US Stamps

Complete plate numbers on miscut booklet panes

Feb 19, 2024, 10 AM

U.S. Stamp Notes by John M. Hotchner

Many moons ago, I began to make a list of booklet panes from the 1930s into the 1970s that exist miscut badly enough to show 100 percent of a plate number. A few examples are shown in Figures 1 and 2.

Such plate numbers are quite scarce because most miscut booklets show only a small portion of a plate number — often less than 50 percent, and sometimes not enough to be able to identify the plate number.

They can occur for two different reasons.

The first is because the cutting of sheets into booklet panes was done on a stack of sheets. If you have cut four or five sheets of paper with a pair of scissors, you will notice that there is a little slippage from the first sheet to the fifth, such that the last sheet will have a bit more paper at the point of the cut.

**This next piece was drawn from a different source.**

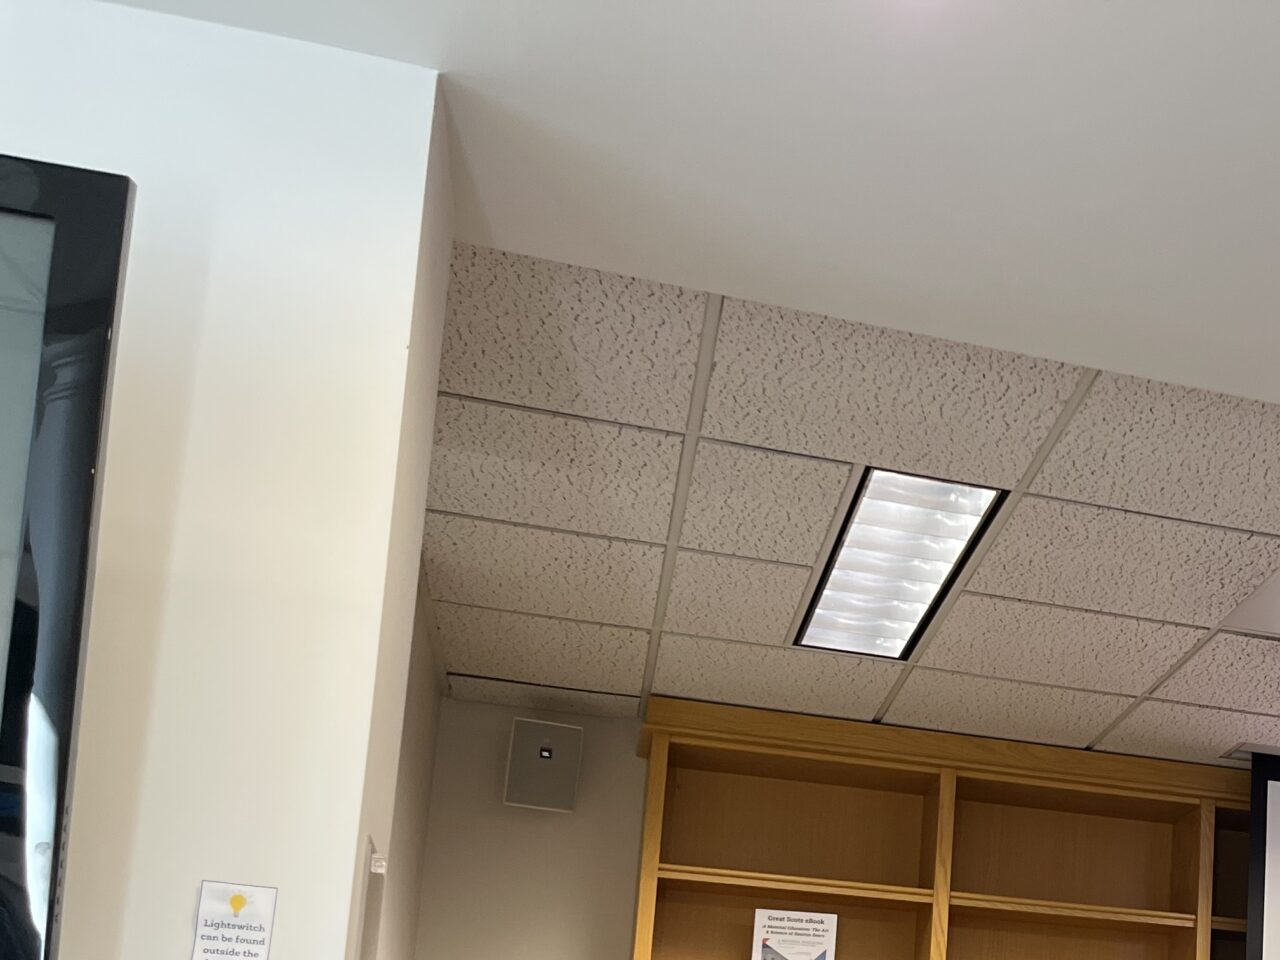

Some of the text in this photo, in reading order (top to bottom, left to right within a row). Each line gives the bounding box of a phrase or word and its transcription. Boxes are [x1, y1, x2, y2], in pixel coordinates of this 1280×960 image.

The same thing happens with slicing apart booklets from multiple sheets. If bad enough, the bottom sheets might have plate numbers showing, most often in the upper left and lower left positions. See the two examples in Figure 1.

As the guide for the cutting operation was on the right, it is unusual to find plate numbers on the right side of a booklet pane. And for those that exist, there is only a small percentage of the plate number; there is no plate number on the right known to be a 100 percent.

Secondly, 100 percent plate numbers can result from a corner paper foldover or margin tear prior to the booklet-forming process. Folds are scarce. A couple are shown here in Figure 2. One is not a 100 percent number, but it is included to illustrate how such an event can occur.

My collection of 100 percent numbers — about 15 booklet panes — led me to wonder how many of them existed. I asked Linn’s readers almost 20 years ago for reports, and I have been adding to my list ever since.

What I didn’t realize until I saw it in 2020 was that year’s update of the Durland Plate Number Catalog, compiled by the United States Stamp Society, included an appendix that lists the maximum known percentages for each booklet pane plate used.

Perhaps one-third of the plate numbers listed are known with 100 percent of the number at upper left, lower left or in both positions. However, I found that my list has a couple of updates that I will pass along to the catalog’s editors for the next edition.

Booklet pane collectors enjoy the search for the different plate numbers, and one objective is to get the highest possible percentage that exists. Of the about 600 plate numbers that exist on these booklet panes, about 190 are known with 100 percent numbers.

Since I have found six new numbers or positions to add to the list, I bet there are more that could be added.

The 100 percent additions to its list of booklet numbers that I can contribute are as follows:

3¢ Washington (Scott 720b), plate number 21010 lower left;

3¢ Liberty (Scott 1035d), 25357 upper left;

4¢ Lincoln (Scott 1036a), 26469 upper left;

5¢ Washington (Scott 1213a), 27547 upper left;

6¢ DC-4 Skymaster airmail (Scott C39a), 24142 lower right;

8¢ Jetliner over Capitol airmail (Scott C64b), 27372 lower right.

If you have examples and would like me to check them against the Durland list, please email me at

If you want to purchase the Durland catalog, which I consider the best reference, you can do so from the U.S. Stamp Society.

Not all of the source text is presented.